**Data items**
━━━━
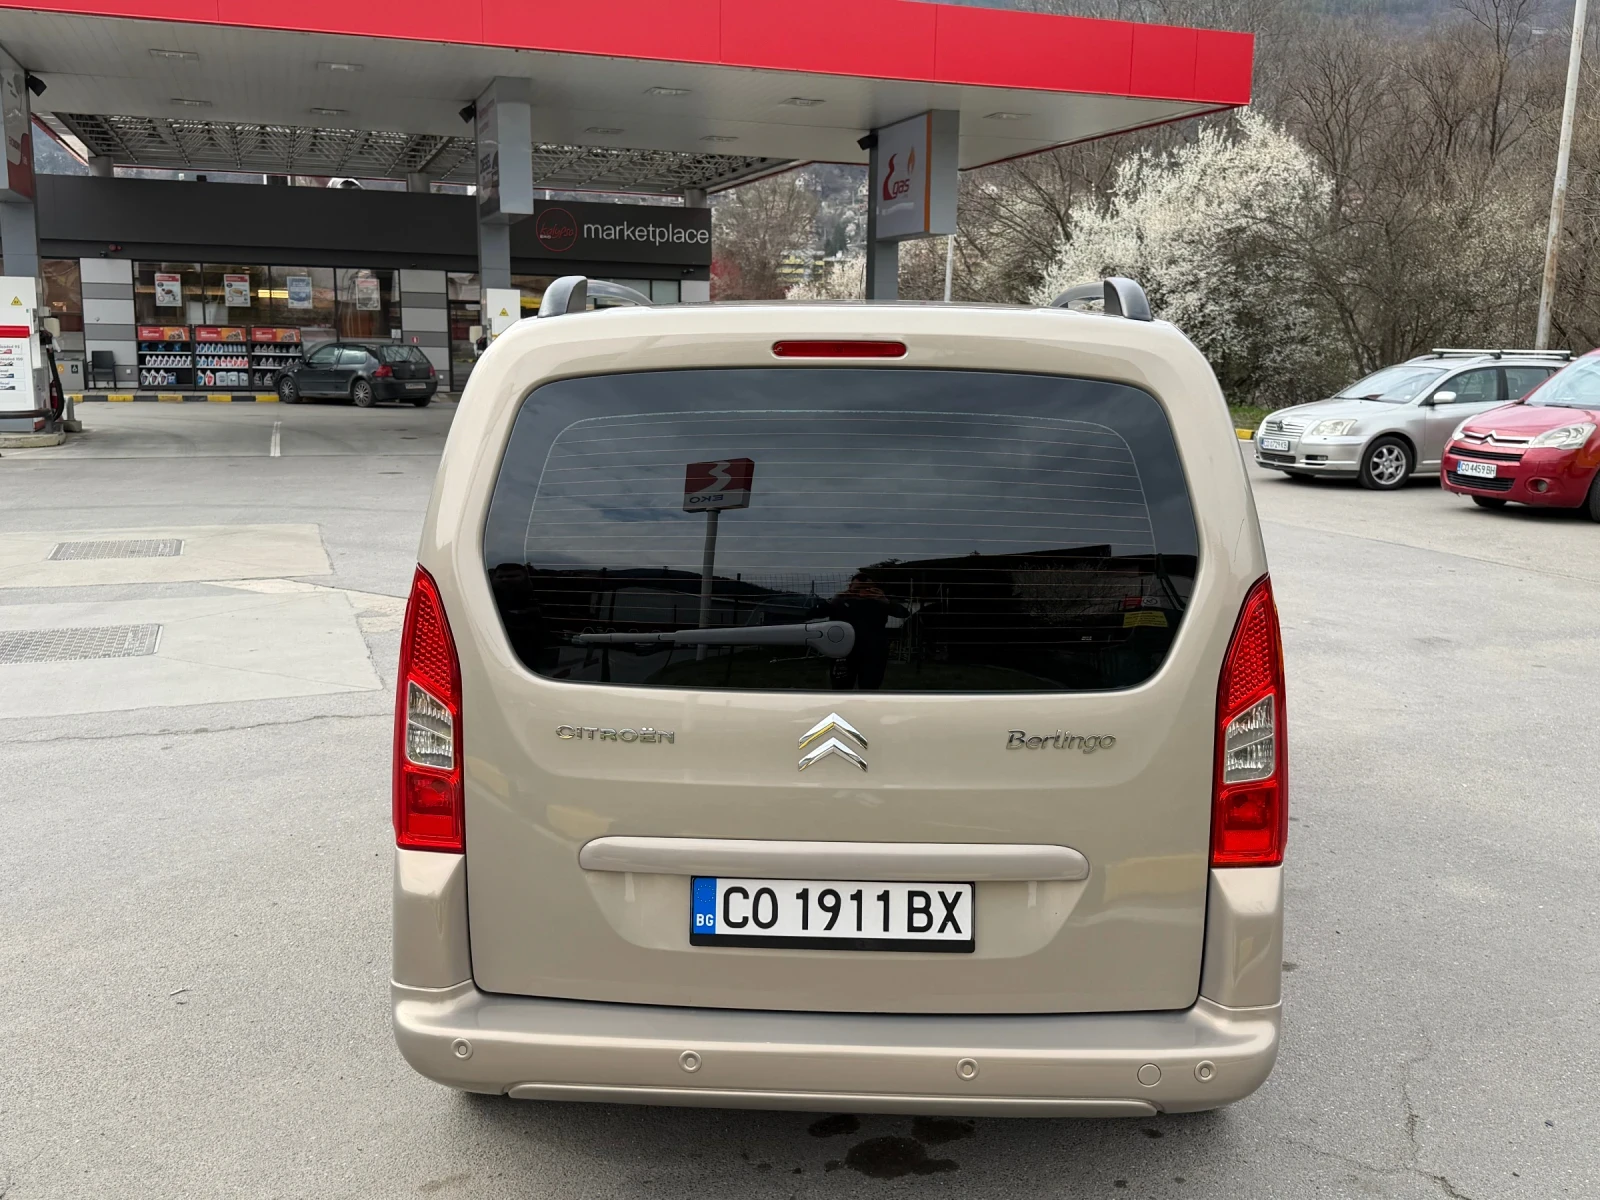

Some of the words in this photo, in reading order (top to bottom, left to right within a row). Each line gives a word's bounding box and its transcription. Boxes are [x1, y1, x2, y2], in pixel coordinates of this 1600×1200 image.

[583, 221, 709, 246] marketplace
[1461, 462, 1470, 472] CO
[1470, 463, 1486, 474] 4459
[1486, 465, 1496, 475] BH
[555, 724, 675, 744] CITROËN
[1005, 729, 1117, 755] Berlingo
[696, 914, 714, 927] BG
[723, 886, 779, 930] CO
[796, 887, 890, 933] 1911
[907, 890, 963, 934] BX
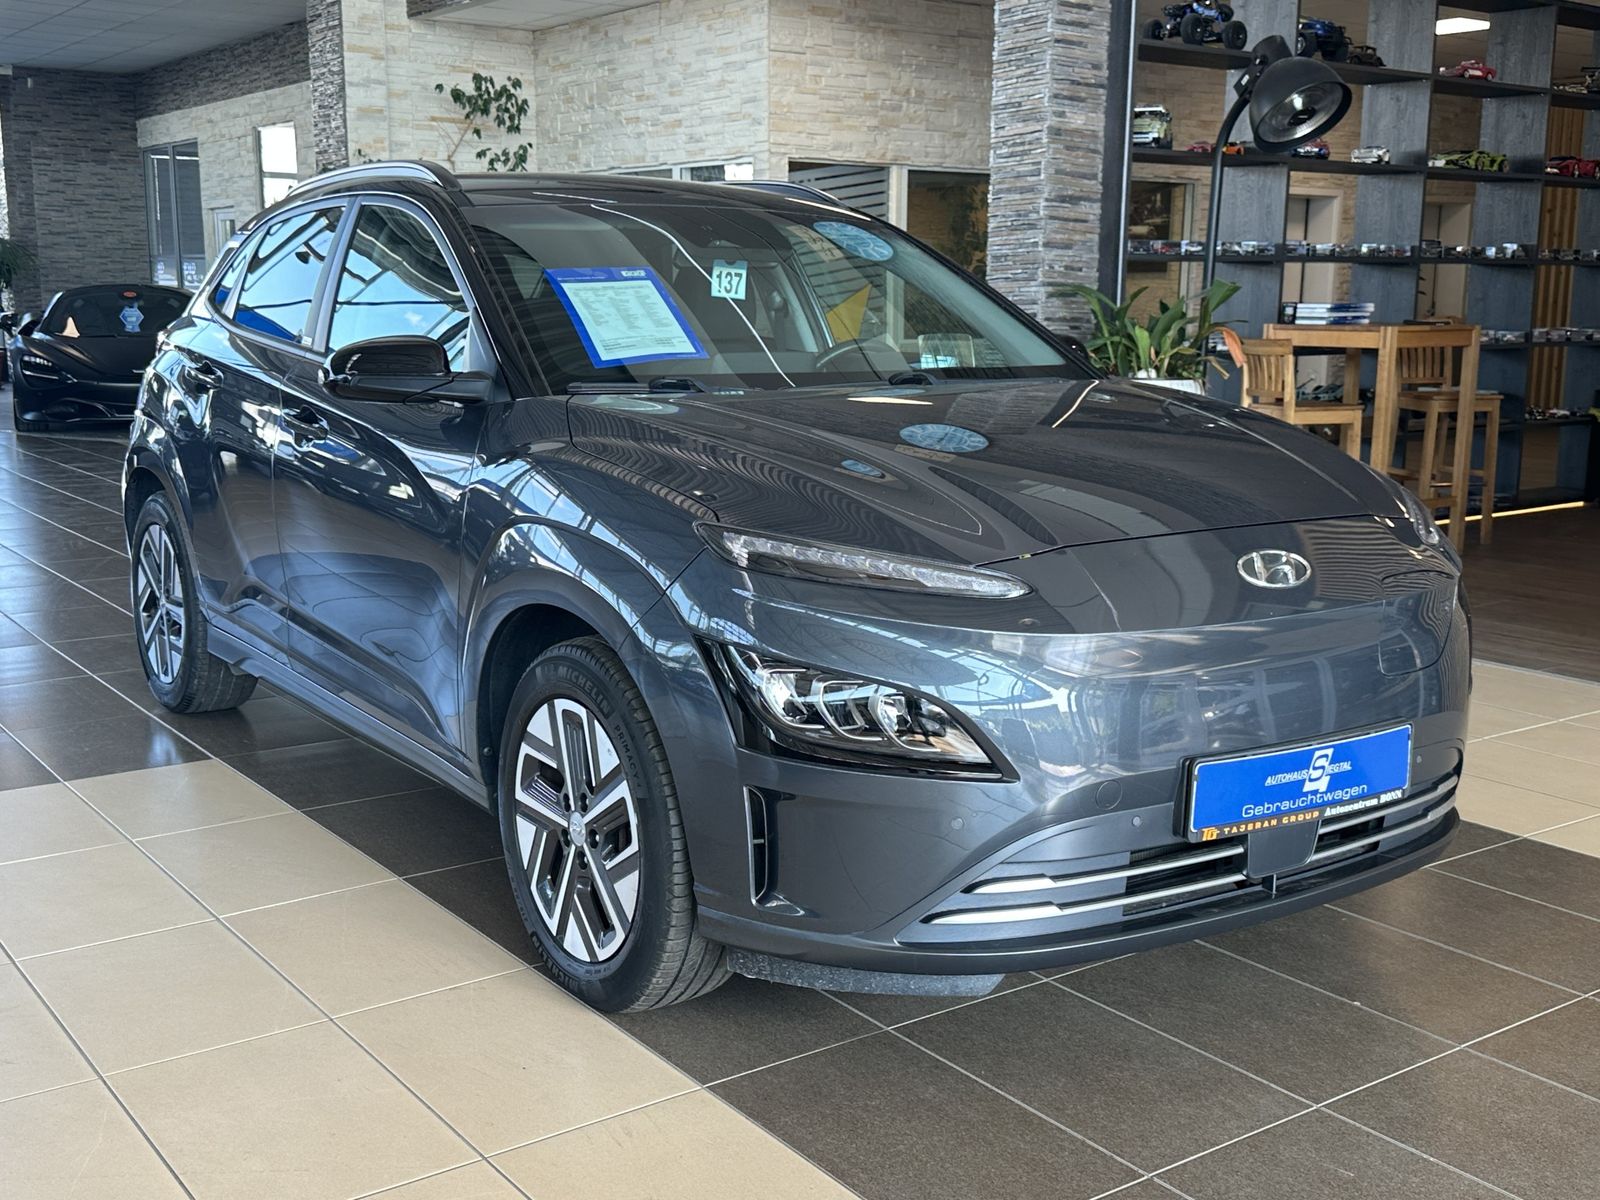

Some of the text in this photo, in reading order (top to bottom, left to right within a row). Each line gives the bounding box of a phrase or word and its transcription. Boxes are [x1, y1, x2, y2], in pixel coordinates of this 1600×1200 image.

[716, 270, 743, 295] 137
[557, 665, 611, 714] MICHELIN
[614, 724, 640, 780] PRIMACY
[1264, 769, 1308, 787] AUTOHAUS
[1241, 784, 1368, 818] Gebrauchtwagen
[1281, 811, 1320, 824] GROUP
━━━━
**What you will do**
Please copy the records above word for word, omitting every picture.

**Solution**
Some of the words in this photo, in reading order (top to bottom, left to right within a row). Each line gives a word's bounding box and its transcription. Boxes are [x1, y1, x2, y2], in pixel coordinates of this 1600×1200 image.

[583, 221, 709, 246] marketplace
[1461, 462, 1470, 472] CO
[1470, 463, 1486, 474] 4459
[1486, 465, 1496, 475] BH
[555, 724, 675, 744] CITROËN
[1005, 729, 1117, 755] Berlingo
[696, 914, 714, 927] BG
[723, 886, 779, 930] CO
[796, 887, 890, 933] 1911
[907, 890, 963, 934] BX

Some of the text in this photo, in reading order (top to bottom, left to right within a row). Each line gives the bounding box of a phrase or word and its transcription. Boxes are [x1, y1, x2, y2], in pixel coordinates of this 1600×1200 image.

[716, 270, 743, 295] 137
[557, 665, 611, 714] MICHELIN
[614, 724, 640, 780] PRIMACY
[1264, 769, 1308, 787] AUTOHAUS
[1241, 784, 1368, 818] Gebrauchtwagen
[1281, 811, 1320, 824] GROUP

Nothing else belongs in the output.